Two leading researchers explain insulin's effects on the body and how to manage the IR horse

Raise your hand if you’ve ever wondered, “Wait a minute, which is the bad one—insulin sensitivity or insulin resistance? After all, if too much insulin is bad, wouldn’t we want our horses to be resistant to it?” The whole talk of insulin sensitivity and resistance can seem pretty confusing. And it only adds to the stress of dealing with a horse who has or might have insulin-related issues. 

To manage horses with insulin issues successfully, a critical first step is simply understanding what insulin is, what goes wrong, and why it matters. The second? Care for them according to the latest scientific findings. 

How Insulin Works (or Doesn't Work)

Glucose, a type of sugar we get from the foods we eat, supplies energy to all our cells—muscle, skin, brain, etc. But it needs help getting from the digestive system into the bloodstream and then into the body’s various tissues and cells.

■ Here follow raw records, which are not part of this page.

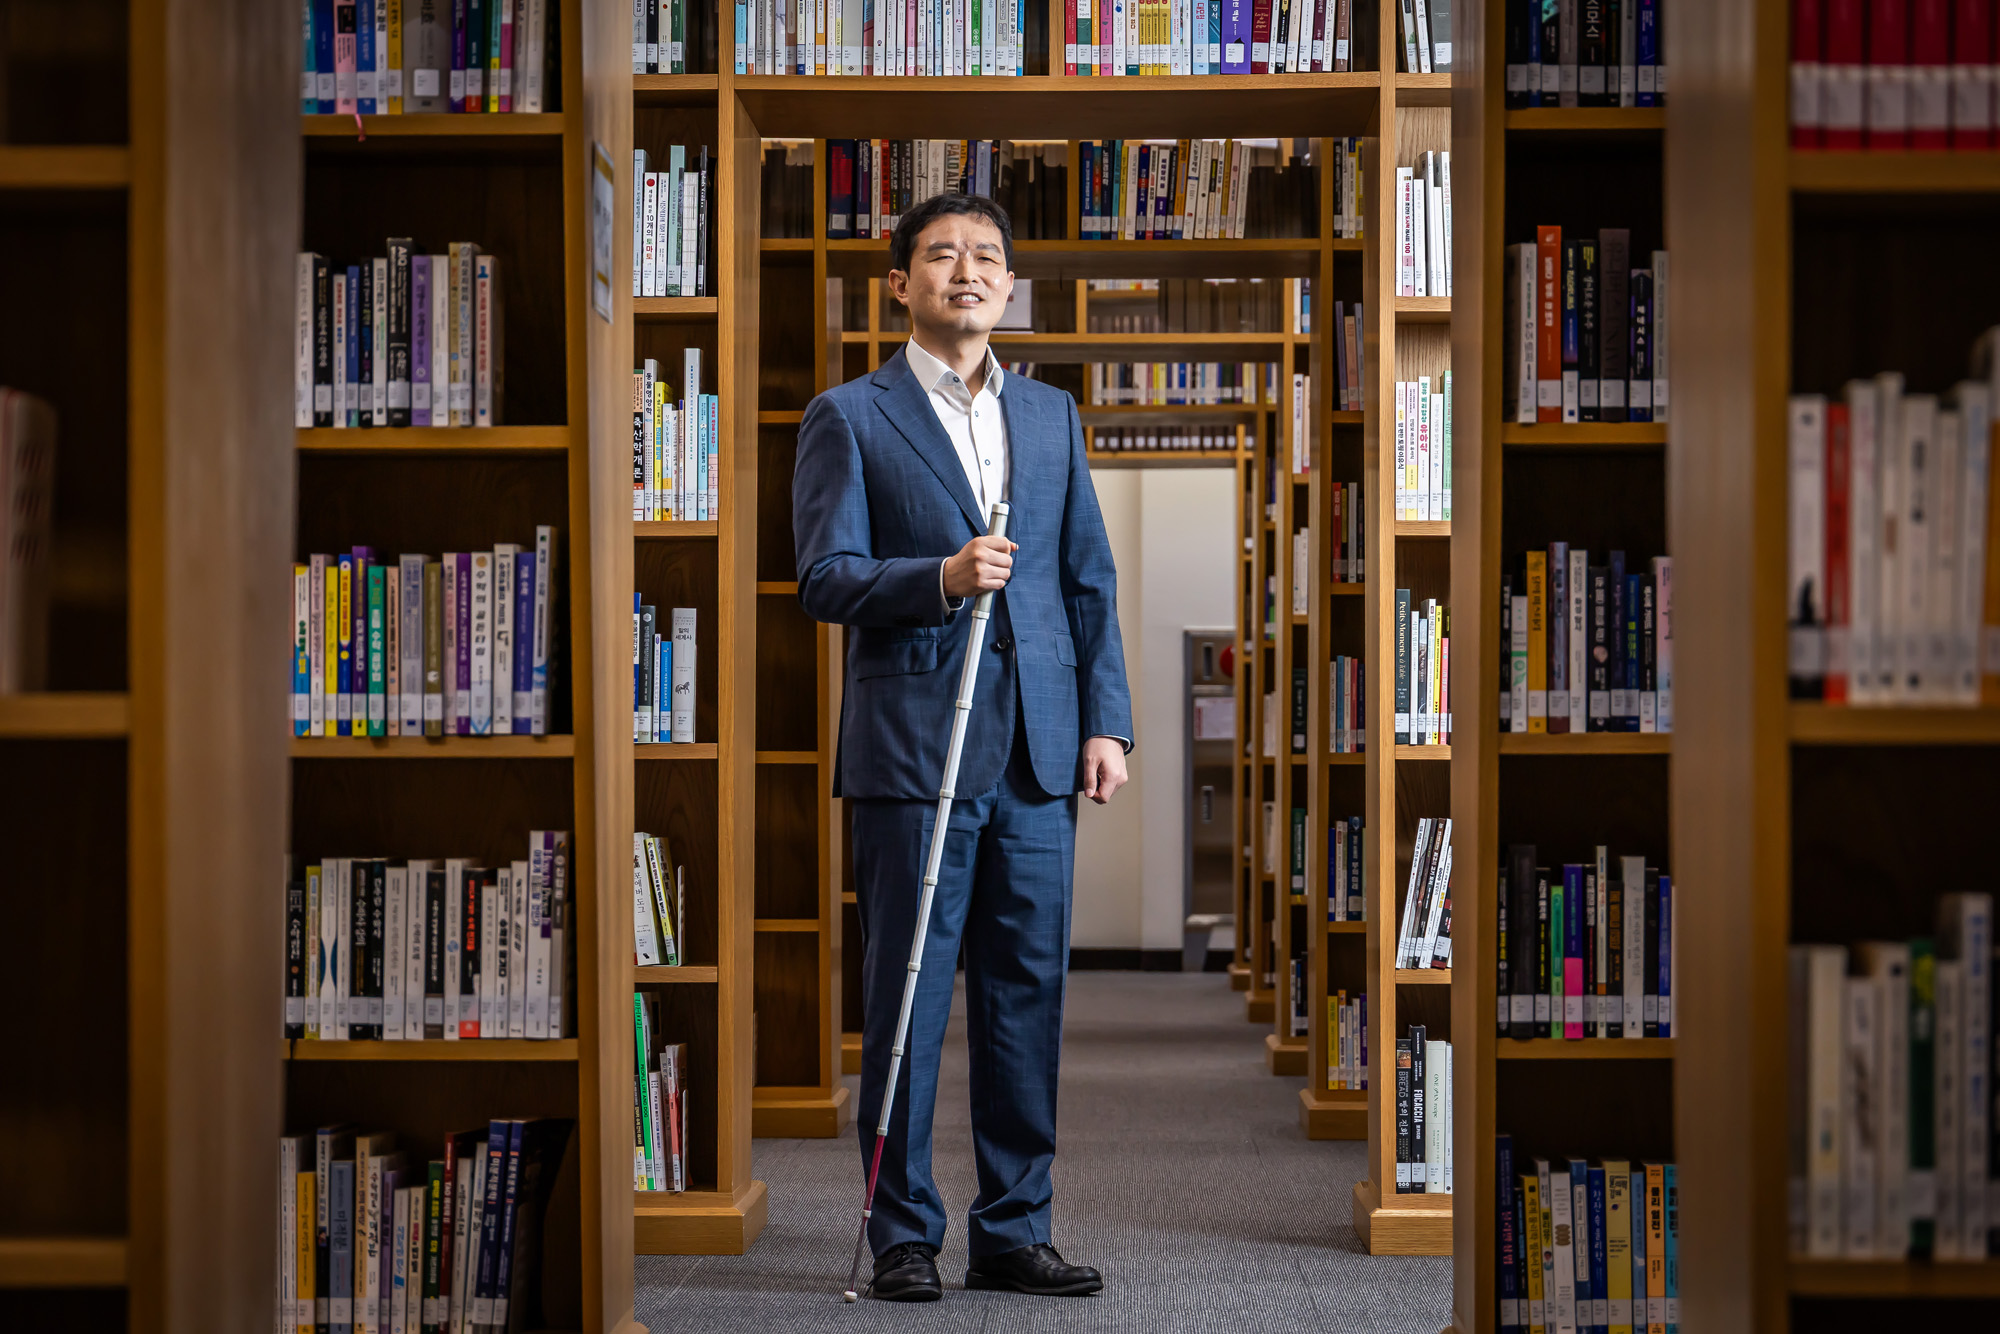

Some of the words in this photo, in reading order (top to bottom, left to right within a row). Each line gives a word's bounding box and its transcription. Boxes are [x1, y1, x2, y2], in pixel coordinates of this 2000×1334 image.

[946, 144, 960, 170] PALO
[398, 246, 408, 266] AIQ
[634, 416, 643, 479] 축산학개론
[543, 850, 553, 876] How
[542, 888, 552, 916] Prove
[1399, 1100, 1408, 1116] 빵의
[1414, 1089, 1423, 1123] FOCACCIA
[1399, 1119, 1408, 1136] 진화
[1528, 1198, 1537, 1214] 세계
[334, 1210, 348, 1250] 미적분
[1530, 1216, 1538, 1240] 물리학
[1531, 1242, 1540, 1266] 필독서
[1532, 1268, 1540, 1278] 30

That’s where insulin comes in—the pancreas secretes this hormone when we ingest glucose and makes sure the glucose gets wherever it needs to go. Without insulin the body and its cells can’t survive. It plays a vital role in life, so clearly it’s a good thing to have.

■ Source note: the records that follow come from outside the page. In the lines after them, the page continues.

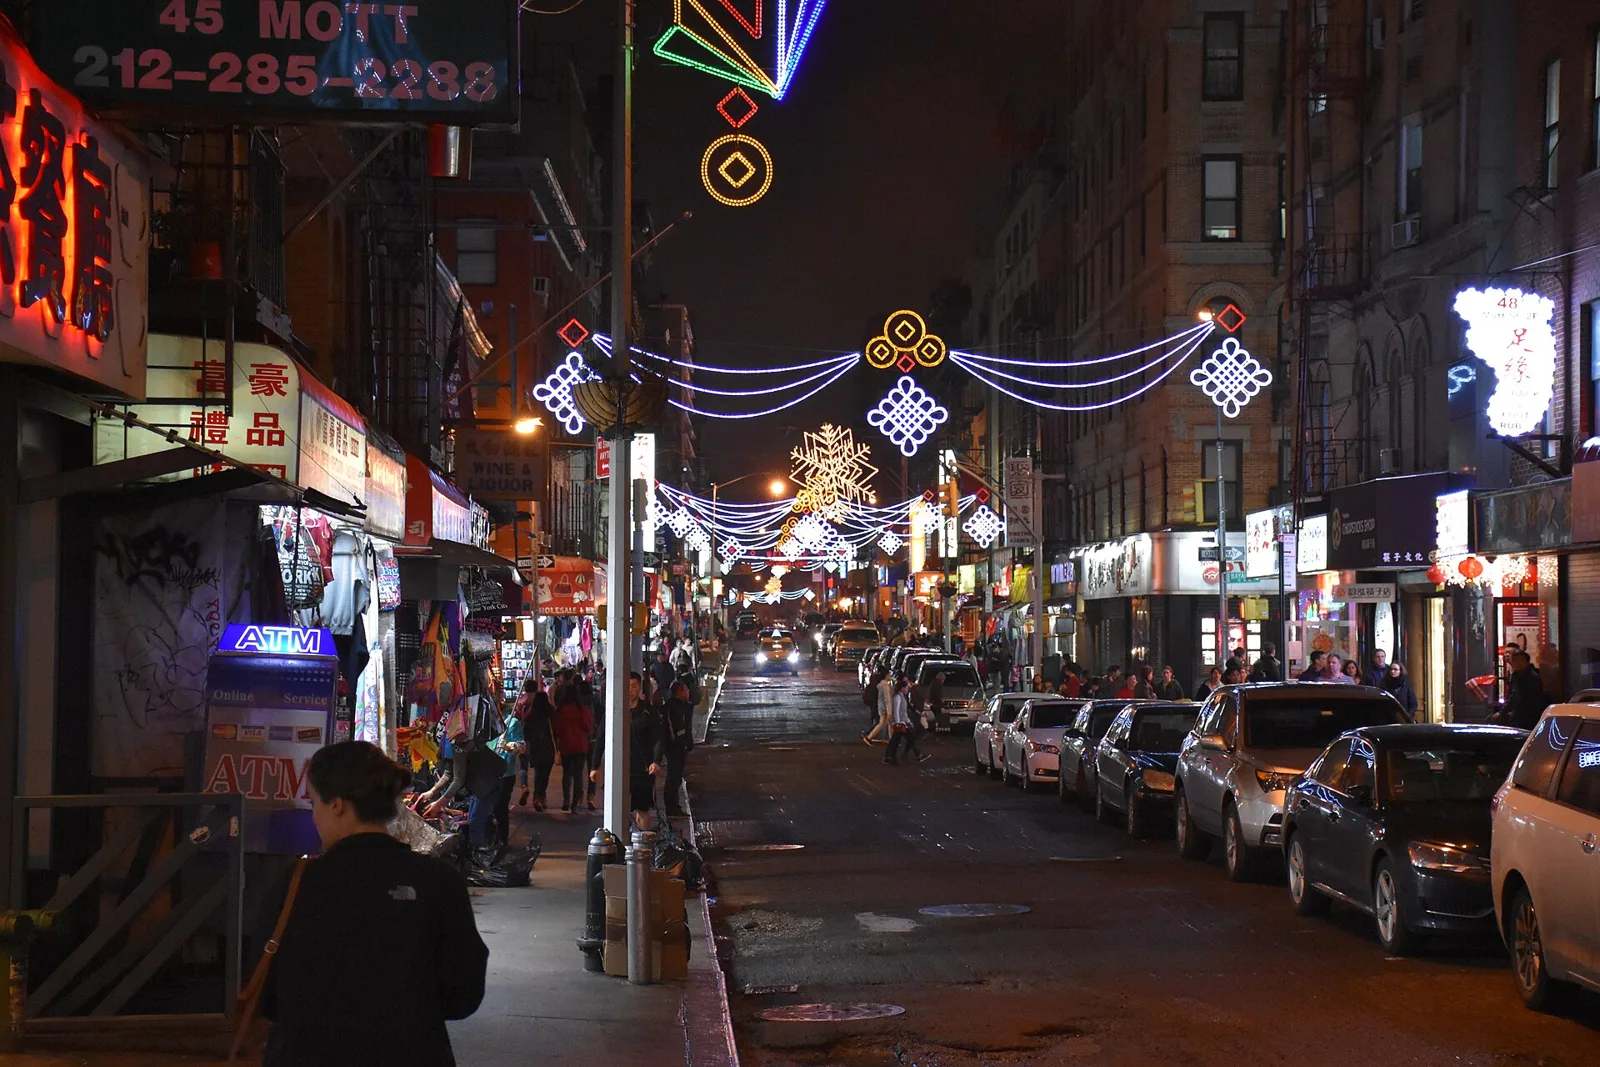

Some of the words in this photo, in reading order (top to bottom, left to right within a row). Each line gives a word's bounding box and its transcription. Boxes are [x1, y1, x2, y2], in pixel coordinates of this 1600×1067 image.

[159, 0, 224, 34] 45
[258, 0, 419, 44] MOTT
[72, 45, 499, 102] 212-285-2288
[1497, 297, 1518, 309] 48
[189, 410, 285, 447] 禮品
[473, 462, 516, 475] WINE
[522, 463, 532, 475] &
[468, 478, 534, 492] LIQUOR
[235, 625, 321, 654] ATM
[213, 690, 255, 702] Online
[283, 692, 329, 705] Service
[244, 729, 262, 737] VISA
[202, 753, 312, 800] ATM

But problems can occur when the body’s signaling for how much insulin the pancreas needs to produce goes awry, says Andrew van Eps, BVSc, PhD, MACVSc, Dipl. ACVIM, associate professor of equine musculoskeletal research at the University of Pennsylvania’s School of Veterinary Medicine, in Kennett Square. And, unfortunately, it is possible to have too much of a good thing.

Some people and horses are just born that way: They produce far more insulin than they need. In equids, Arabians, Morgans, ponies, and some Warmbloods might even carry a genetic risk for insulin overproduction, van Eps says. 

Others produce more insulin in response to glucose, he says, usually in association with obesity. The body becomes less sensitive to insulin, so it calls for more insulin to manage incoming glucose. Over time it keeps calling for greater quantities in a never-ending cycle of production increase. “That’s true insulin resistance (IR),” van Eps says. “The body keeps making more insulin to compensate for the fact that the insulin isn’t working well.”

Scientists classify insulin sensitivity and resistance as insulin dysregulation (ID). It’s important to study ID horses as one group, but it’s also important to recognize their distinctions, says Nicholas Frank, DVM, PhD, Dipl. ACVIM. Frank is associate dean for academic affairs and professor of large animal internal medicine at Tufts University’s Cummings School of Veterinary Medicine, in North Grafton, Massachusetts.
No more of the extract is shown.